Copy every record exactly, leaving the pictures out.
★ ★ ★ ★ ★
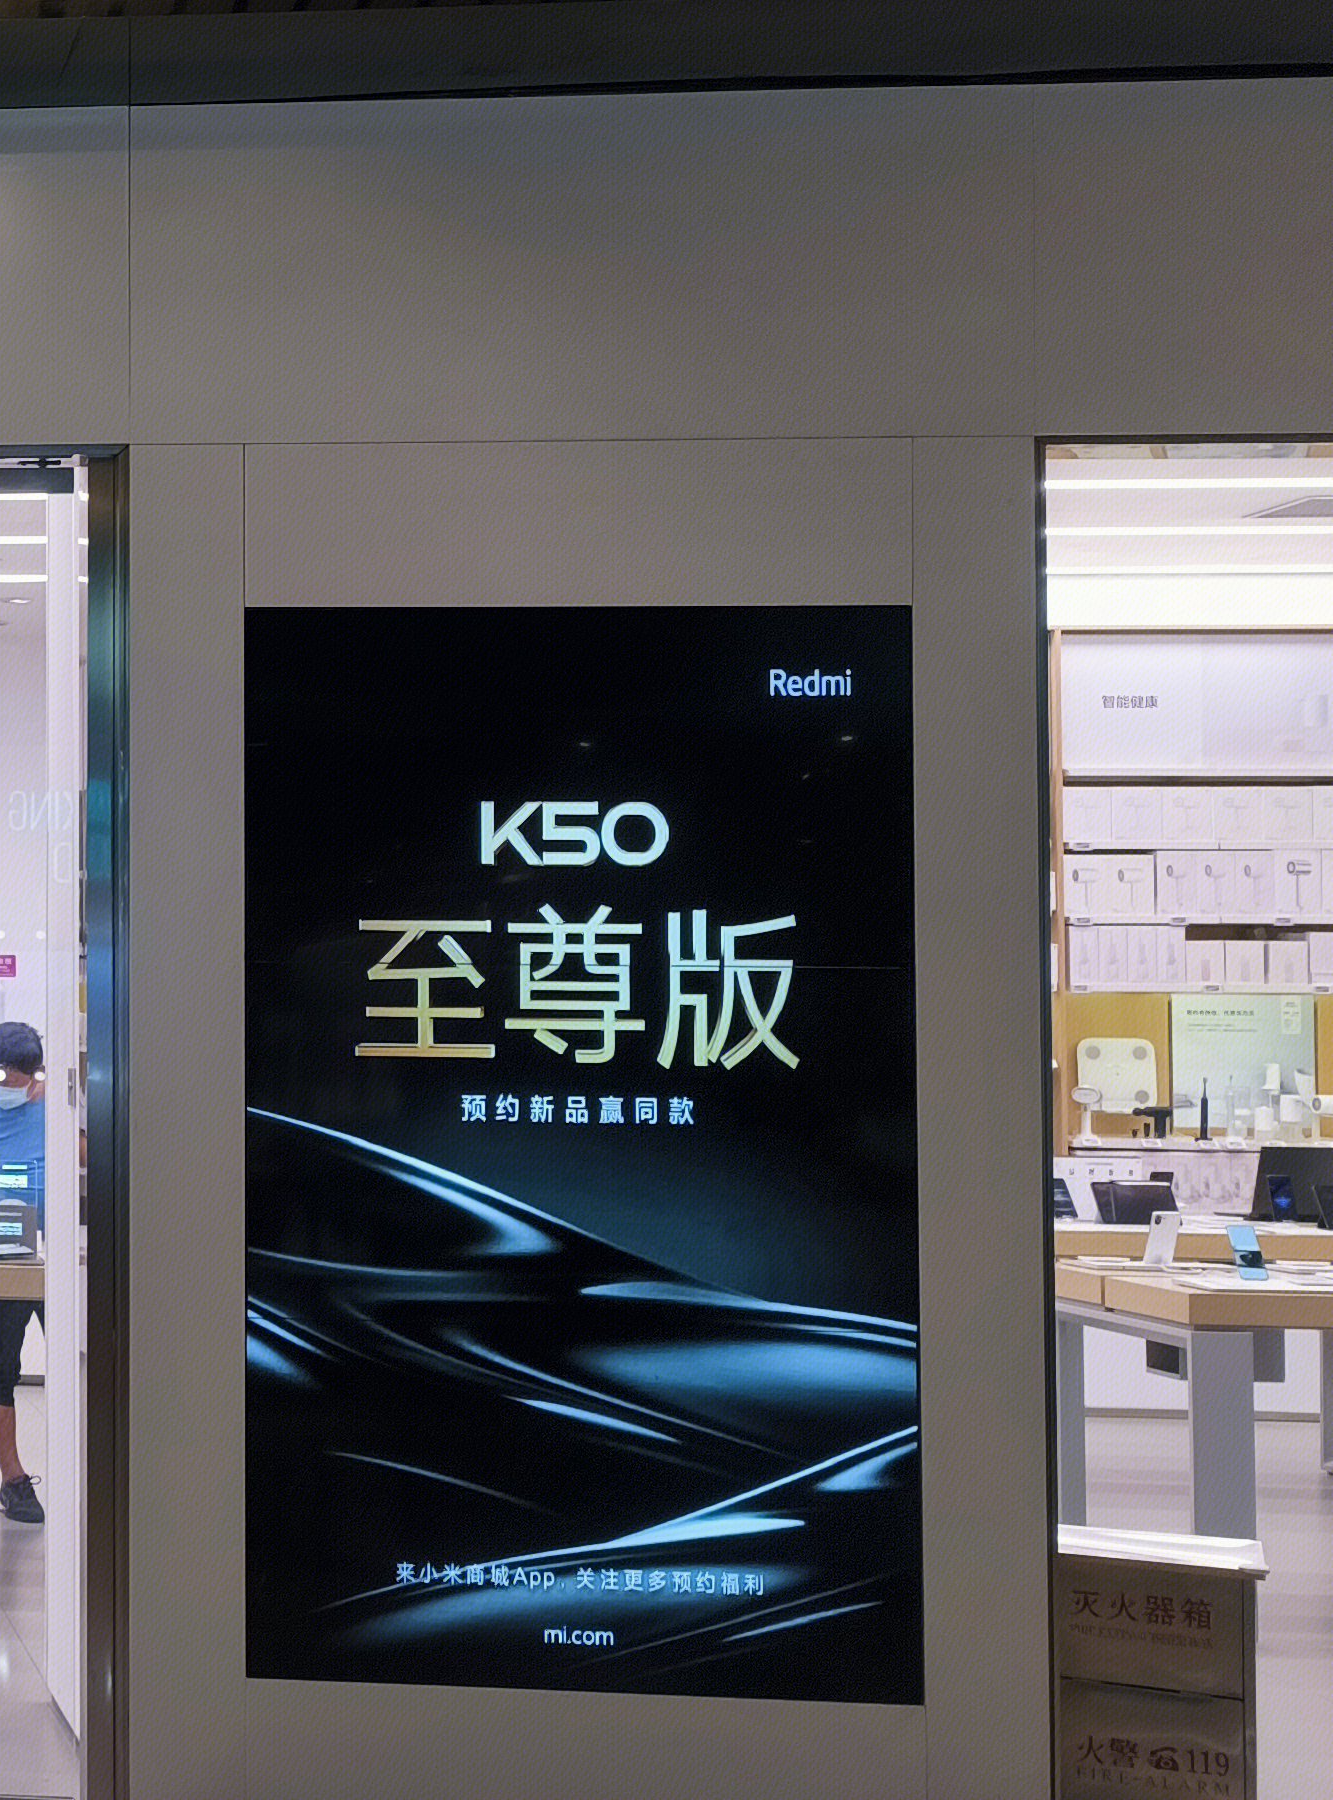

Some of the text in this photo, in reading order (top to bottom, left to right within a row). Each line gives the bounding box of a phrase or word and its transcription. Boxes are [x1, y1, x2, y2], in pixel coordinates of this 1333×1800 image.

[768, 668, 853, 699] Redmi
[480, 800, 670, 867] K50
[354, 903, 800, 1070] 至尊版
[460, 1094, 696, 1126] 预约新品赢同款
[1069, 1589, 1213, 1630] 灭火器箱
[543, 1626, 615, 1647] mi.com
[1186, 1749, 1231, 1777] 119
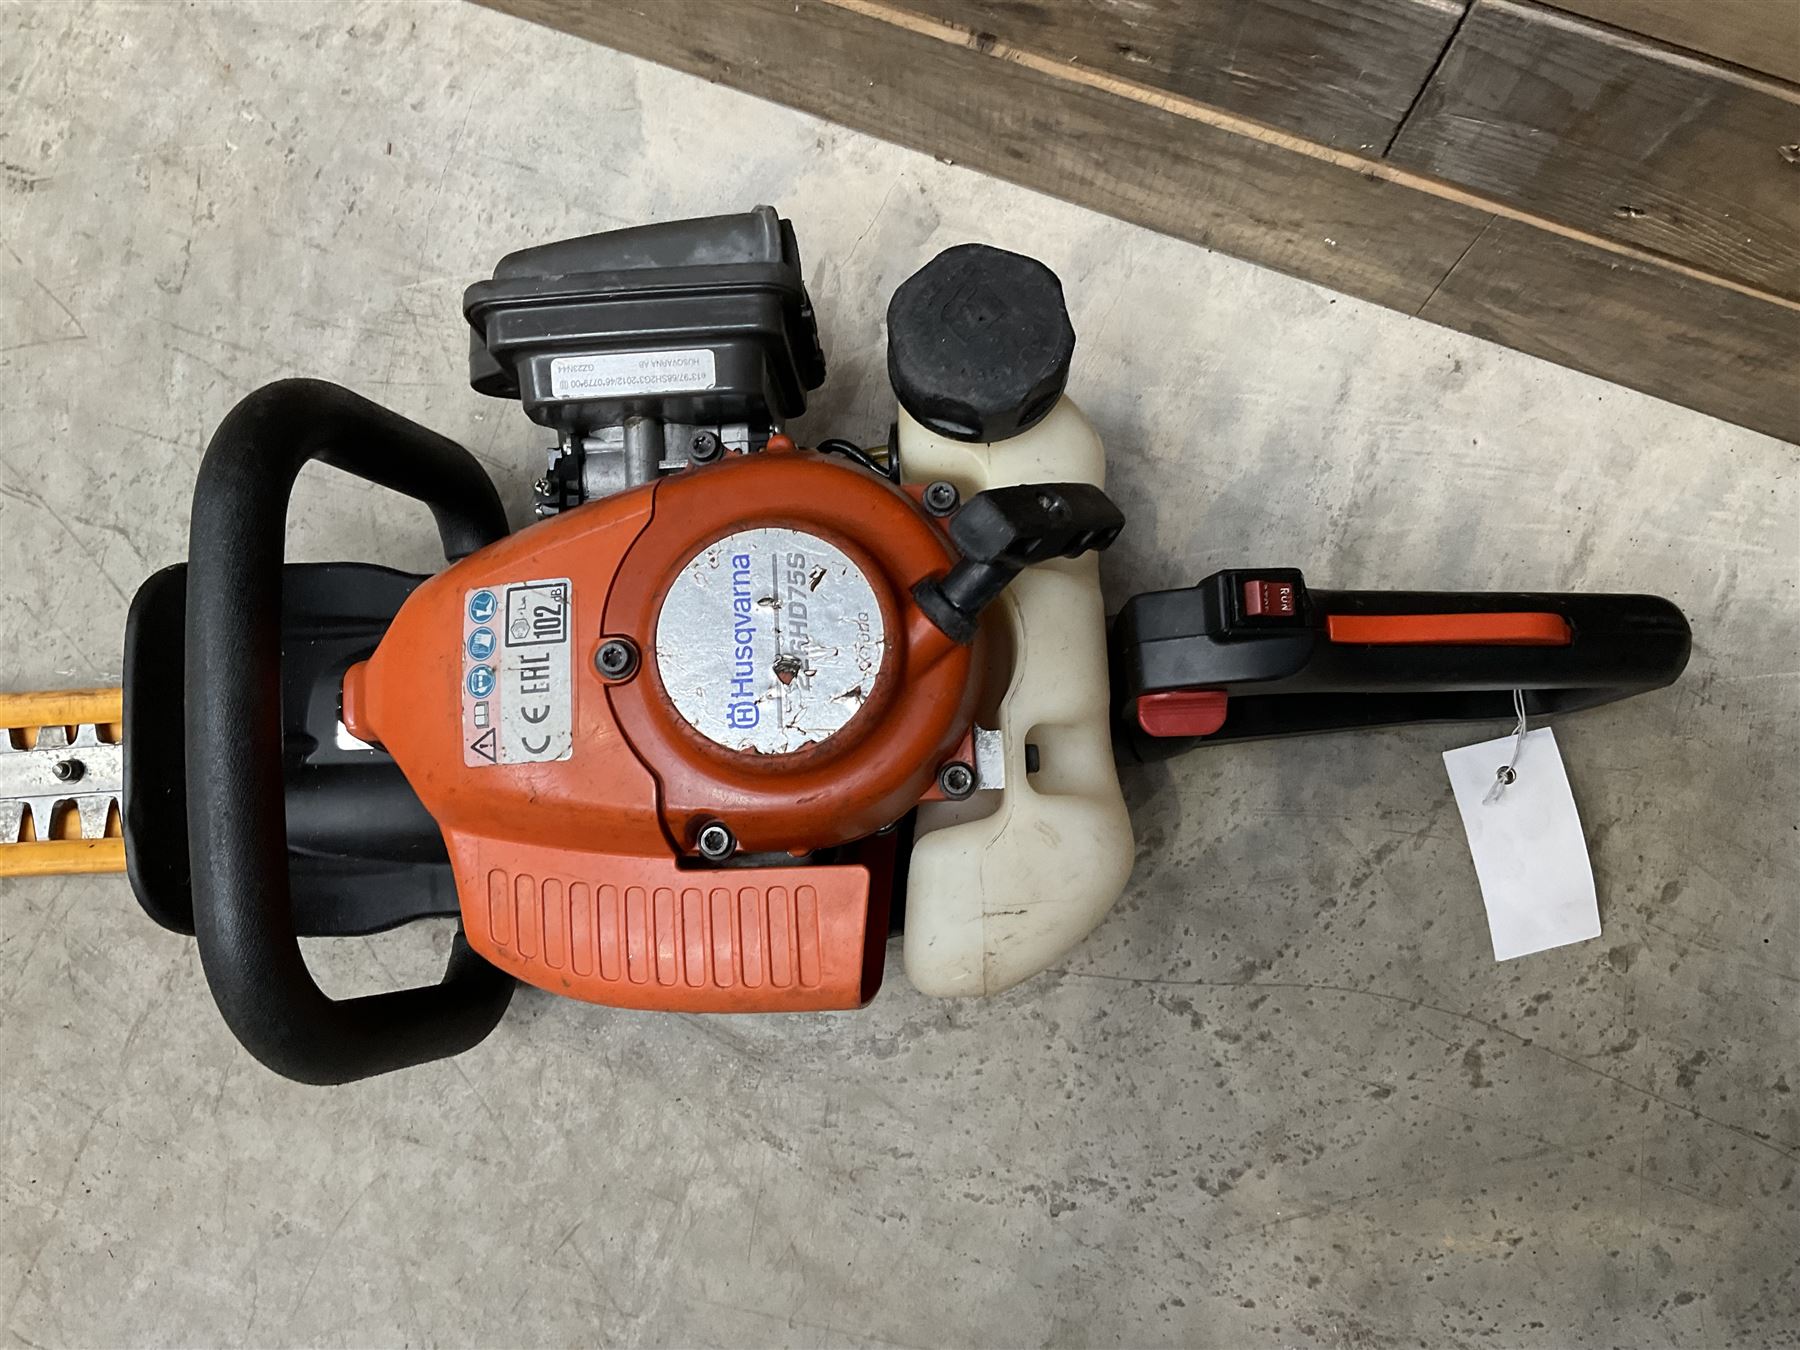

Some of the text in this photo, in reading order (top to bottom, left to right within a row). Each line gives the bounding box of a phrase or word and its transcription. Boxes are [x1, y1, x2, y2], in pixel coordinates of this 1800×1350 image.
★ ★ ★ ★ ★
> **The answer**
Some of the text in this photo, in reading order (top to bottom, left to right within a row). Each line gives the bounding box of a phrase or word and its transcription. Boxes are [x1, y1, x2, y2], in pixel coordinates of this 1333×1800 image.

[768, 668, 853, 699] Redmi
[480, 800, 670, 867] K50
[354, 903, 800, 1070] 至尊版
[460, 1094, 696, 1126] 预约新品赢同款
[1069, 1589, 1213, 1630] 灭火器箱
[543, 1626, 615, 1647] mi.com
[1186, 1749, 1231, 1777] 119

Some of the text in this photo, in reading order (top to bottom, left to right within a row). Each line gives the bounding box of a phrase or word and its transcription. Boxes are [x1, y1, x2, y2], in pixel coordinates of this 1800×1350 image.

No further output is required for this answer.